I have had problems with the Fluval Osaka though... and I'm not sure what the cause of problem was entirely. We got it second hand from a friend who never actually used it. He had it sitting there for 1 year though. Anyway when we got, we filled it up and then there was a small leak at the back corner. We siliconed the back. Filled it up again.. started to leak at the front. We took it outside to see how bad it would leak. It was SUPER bad. The water was spewing out at 6 different locations. So I stripped 80 percent of the silicone on the bottom and re-siliconed the entire thing. Now its running perfectly (cross fingers). The silicone was very brittle and came off really easy though.
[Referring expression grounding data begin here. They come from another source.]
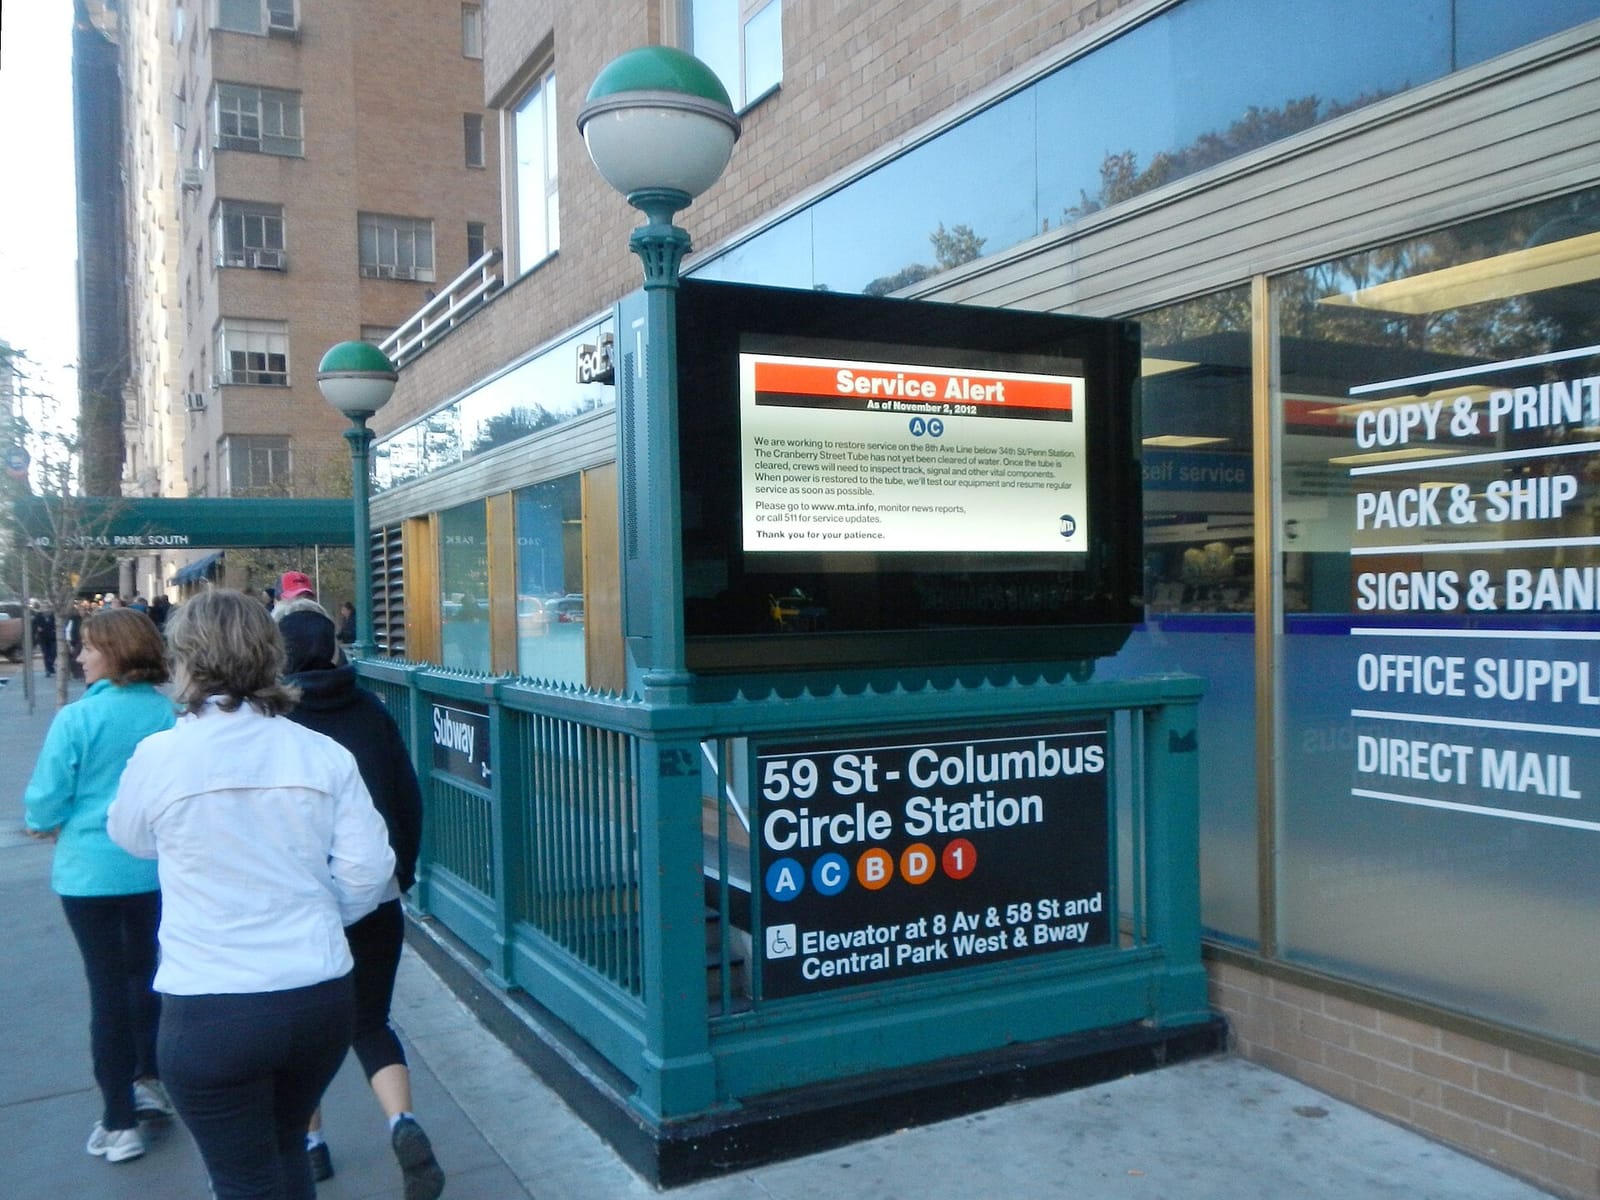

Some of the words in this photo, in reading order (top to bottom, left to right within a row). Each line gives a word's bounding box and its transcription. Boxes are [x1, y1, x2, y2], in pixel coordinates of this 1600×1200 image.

[836, 369, 937, 398] Service
[944, 377, 1006, 402] Alert
[866, 399, 880, 409] As
[881, 400, 892, 410] of
[893, 402, 941, 413] November
[942, 404, 953, 414] 2,
[954, 404, 977, 414] 2012
[1357, 400, 1440, 449] COPY
[1450, 395, 1478, 437] &
[1490, 377, 1600, 433] PRINT
[754, 437, 769, 446] We
[786, 439, 823, 449] working
[824, 440, 834, 448] to
[834, 441, 866, 450] restore
[867, 442, 897, 450] service
[910, 443, 924, 452] the
[925, 444, 938, 452] 8th
[939, 444, 955, 454] Ave
[956, 444, 972, 454] Line
[974, 446, 998, 454] below
[1047, 448, 1076, 458] Station.
[754, 448, 772, 458] The
[773, 449, 818, 460] Cranberry
[819, 451, 846, 460] Street
[848, 451, 868, 461] Tube
[870, 452, 886, 462] has
[886, 454, 901, 462] not
[902, 454, 915, 464] yet
[916, 455, 936, 464] been
[937, 456, 966, 465] cleared
[968, 456, 977, 465] of
[978, 458, 1001, 466] water.
[1002, 457, 1024, 466] Once
[1024, 458, 1036, 468] the
[1038, 459, 1054, 468] tube
[1056, 460, 1062, 468] is
[754, 461, 791, 472] cleared,
[792, 463, 820, 471] crews
[820, 462, 835, 472] will
[836, 464, 858, 472] need
[860, 464, 868, 473] to
[870, 464, 900, 475] inspect
[902, 466, 926, 476] track,
[926, 466, 950, 476] signal
[951, 468, 966, 476] and
[968, 468, 988, 476] other
[990, 468, 1006, 477] vital
[1006, 470, 1056, 479] components.
[754, 472, 782, 482] When
[782, 474, 811, 483] power
[812, 474, 820, 482] is
[821, 474, 858, 484] restored
[860, 476, 868, 484] to
[870, 476, 884, 484] the
[884, 476, 906, 486] tube,
[906, 478, 926, 486] we'll
[926, 478, 942, 486] test
[958, 480, 1000, 488] equipment
[1001, 480, 1016, 488] and
[1046, 481, 1072, 491] regular
[1180, 462, 1245, 482] service
[755, 485, 788, 494] service
[789, 486, 800, 494] as
[800, 486, 824, 495] soon
[836, 487, 874, 496] possible.
[1357, 486, 1441, 530] PACK
[1448, 482, 1477, 524] &
[1486, 474, 1578, 523] SHIP
[755, 500, 786, 510] Please
[787, 503, 799, 512] go
[800, 502, 810, 511] to
[811, 502, 877, 513] www.mta.info,
[878, 504, 910, 512] monitor
[934, 505, 966, 514] reports,
[755, 514, 765, 522] or
[767, 513, 783, 522] call
[784, 513, 798, 522] 511
[798, 514, 811, 522] for
[812, 514, 844, 523] service
[845, 514, 882, 524] updates.
[114, 536, 144, 546] PARK
[148, 535, 188, 545] SOUTH
[756, 530, 785, 539] Thank
[788, 532, 804, 540] you
[807, 530, 819, 539] for
[822, 532, 841, 540] your
[844, 531, 885, 540] patience.
[1357, 570, 1459, 612] SIGNS
[1467, 570, 1497, 611] &
[1506, 567, 1600, 610] BAN
[1358, 653, 1465, 697] OFFICE
[1474, 658, 1600, 705] SUPPL
[433, 707, 474, 764] Subway
[762, 759, 818, 801] 59
[832, 754, 878, 794] St
[908, 740, 1104, 788] Columbus
[1358, 736, 1473, 785] DIRECT
[1482, 750, 1582, 799] MAIL
[764, 802, 892, 851] Circle
[904, 791, 1043, 837] Station
[802, 926, 900, 955] Elevator
[905, 919, 925, 938] at
[933, 915, 947, 936] 8
[952, 911, 980, 932] Av
[986, 907, 1001, 928] &
[1006, 903, 1032, 924] 58
[1038, 898, 1060, 920] St
[1064, 892, 1102, 916] and
[802, 948, 890, 981] Central
[896, 938, 948, 966] Park
[956, 930, 1007, 957] West
[1012, 927, 1028, 948] &
[1034, 922, 1089, 945] Bway
I'm not sure if this was a manufacturing issue or if we moved it too many times, or if it was because it sat there for 1 year without being used.... We looked all over online but couldn't find any comments about people having problems or anything (for that matter I couldn't find a lot of information at all). Apparently the tank is now discontinued (after only a year). 

The tank construction is slightly different from what i've seen. Bottom is constructed out of 1 large sheet, but then have skinner sheets on the corners. I like this, mainly because it gives redundancy on the seals. If one silicone seal breaks, it won't leak. It'll take two breaks in the same location before it can leak. That was in theory, but mine still leaked.... 

I also like the edges. The front and sides are one piece, so the only corner joints are the two in the back. And they are done very nicely so no worry about the pealing silicone edges. 

I love the canister too. Probably because I am a super geek and like the fact that I can mix and match different medias in it (6 compartments). Never had it leak on my (except for when my husband pulled the hose out of the canister without closing the valve). I've never had a problem with it (but I've been using it for only 3 months now).


----------



## summit (Aug 22, 2010)

thanks guys, so I forgot to add the filter to the Fluval osaka, so that made the price go up quite a bit so I have decided on the 20. I picked up the tank today with some driftwood, and have the wood soaking as we speak, I think I am going to go with seachem onyx sand for the substrate which I will pick up tommorrow hopefully, along with the Fluval 105, then lighting to follow.

I may as well do something with the 8 gallon I have now, its a nice bowfront but the pump is blown out, so maybe it will make a nice shrimp tank, what kind of filter should I be looking for in a shrimp tank at 8 gallon so as not to suck up the babies? I have heard the best way is to put a sponge filter in? Would you also put in a powerhead for water cirulation?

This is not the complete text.